Allium dregeanum

Scientific classification
- Kingdom: Plantae
- Clade: Tracheophytes
- Clade: Angiosperms
- Clade: Monocots
- Order: Asparagales
- Family: Amaryllidaceae
- Subfamily: Allioideae
- Genus: Allium
- Subgenus: A. subg. Allium
- Species: A. dregeanum
- Binomial name: Allium dregeanum Kunth

= Allium dregeanum =

- Authority: Kunth

Species of flowering plant

Allium dregeanum is the sole known species of Allium endemic to sub-Saharan Africa. It has also been described as the only Allium species endemic to the Southern Hemisphere, though some descriptions of the genus also include Allium juncifolium (Chile) and Allium sellovianum (Brazil), which are much less studied than Allium dregeanum. The distribution of Allium dregeanum extends from the summer-rainfall region, into the winter-rainfall zone of South Africa. Since Allium species are almost exclusively found in the Northern Hemisphere, with major centers of diversity in Central Asia and western North America, the biogeographical history of Allium dregeanum is of interest.

Though some theories have been put forward, no explanation for the geographic isolation of Allium dregeanum has been confirmed.

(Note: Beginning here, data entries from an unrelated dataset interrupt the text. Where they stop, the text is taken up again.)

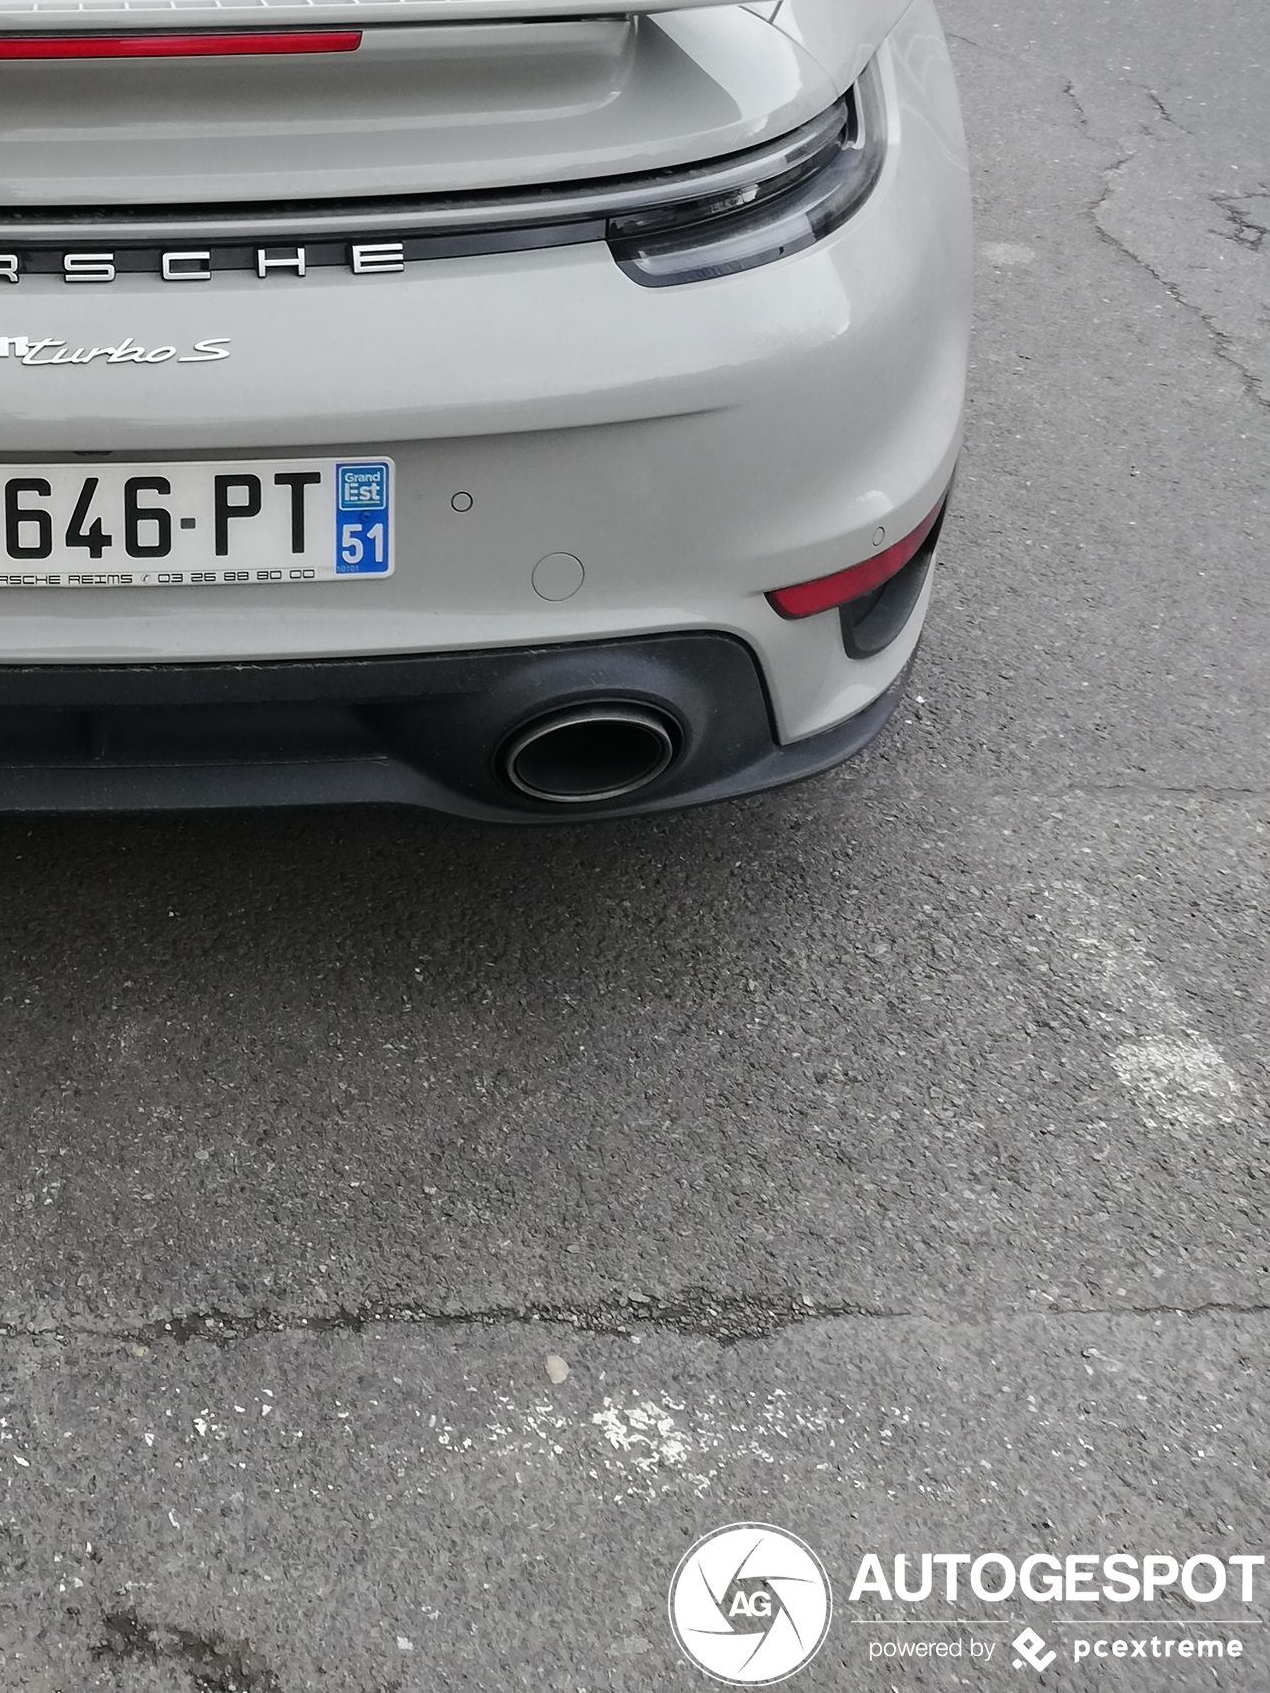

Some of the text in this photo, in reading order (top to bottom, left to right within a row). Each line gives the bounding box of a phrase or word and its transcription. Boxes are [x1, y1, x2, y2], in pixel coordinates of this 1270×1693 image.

[21, 337, 177, 365] turbo
[177, 337, 232, 363] S
[344, 471, 381, 483] Grand
[344, 482, 381, 501] Est
[341, 522, 385, 564] 51
[67, 573, 134, 584] REIMS
[157, 573, 184, 583] 03
[190, 572, 217, 583] 26
[223, 571, 250, 582] 88
[256, 570, 283, 580] 80
[289, 569, 315, 579] 00

In 1976, De Wilde-Dufyes proposed that Allium dregeanum is a modification of the European species Allium ampeloprasum, and may have been brought to South Africa by early European settlers. De Saarker et al. contradicted this theory in 1997, when they explored genetic similarities between Allium dregeanum and Allium ampeloprasum, and did not find evidence of a significant genetic relationship. They also point to evidence that Allium dregeanum was already established in South Africa in the mid-17th century, when the first Dutch settlers colonized South Africa, but do not suggest other explanations for Allium dregeanum's isolation.

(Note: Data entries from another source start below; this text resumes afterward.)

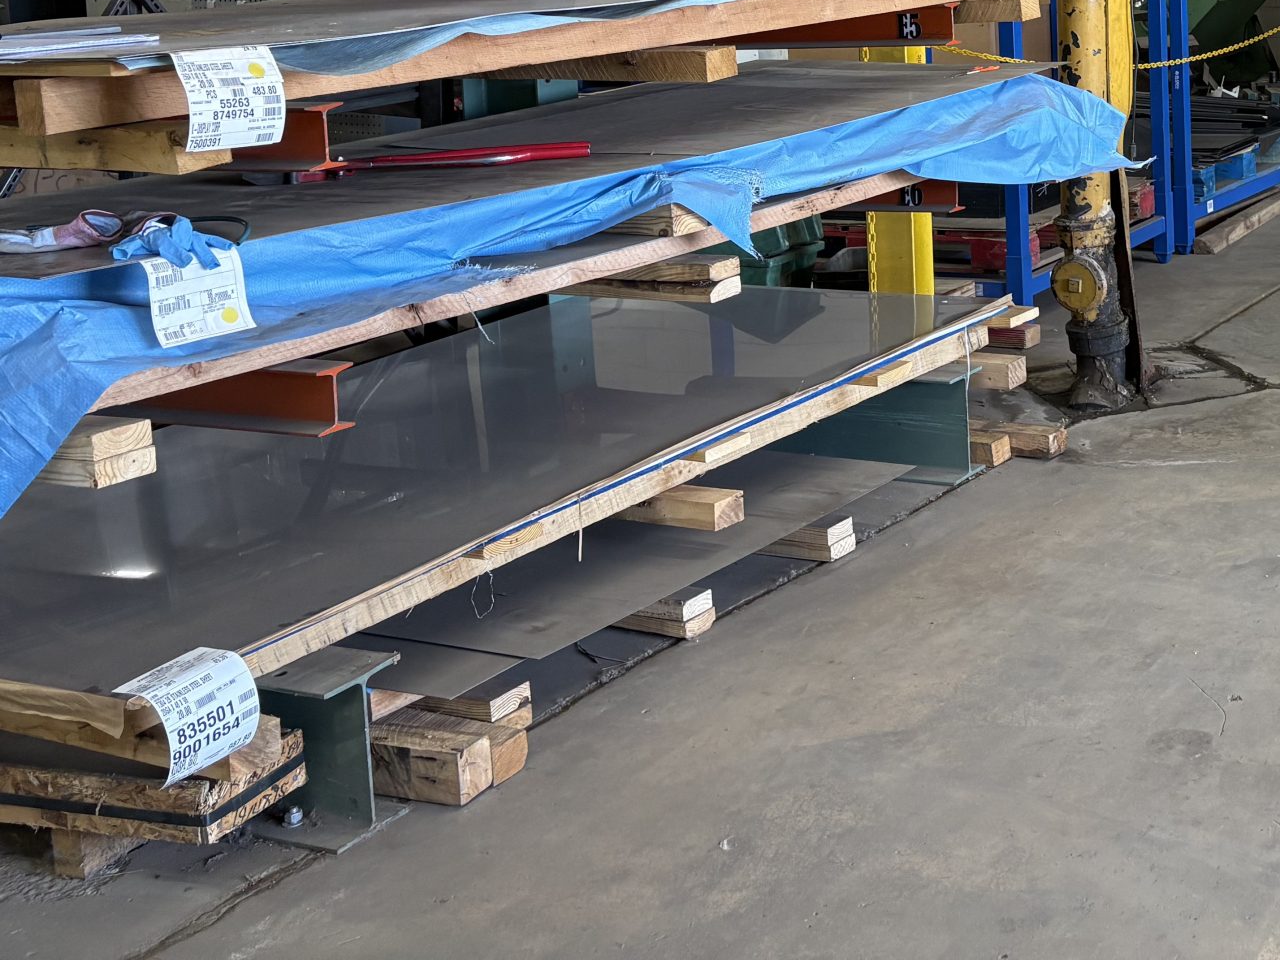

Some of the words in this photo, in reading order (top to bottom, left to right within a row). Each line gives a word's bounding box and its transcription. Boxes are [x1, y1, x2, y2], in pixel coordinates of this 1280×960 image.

[896, 13, 922, 39] E5
[206, 90, 218, 99] PCS
[252, 86, 277, 95] 483.80
[220, 98, 250, 108] 55263
[213, 108, 254, 120] 8749754
[189, 138, 221, 149] 7500391
[172, 686, 192, 701] STAINLESS
[190, 680, 202, 691] STEEL
[177, 706, 192, 720] 20.00
[177, 700, 236, 744] 835501
[172, 716, 241, 764] 9001654

Allium dregeanum occurs at elevations of 100-1000m, and flowers in spring and early summer (October to December). It can grow to 0.6m by 0.2m, growing best in well-drained soils in sunny areas. Allium dregeanum is also notable for its high chromosome counts: polyploidy is not uncommon in Allium, with 14% of representative Allium species exhibiting more than two sets of chromosomes, but Allium dregeanum has particularly high ploidy levels, and can be octoploid or decaploid.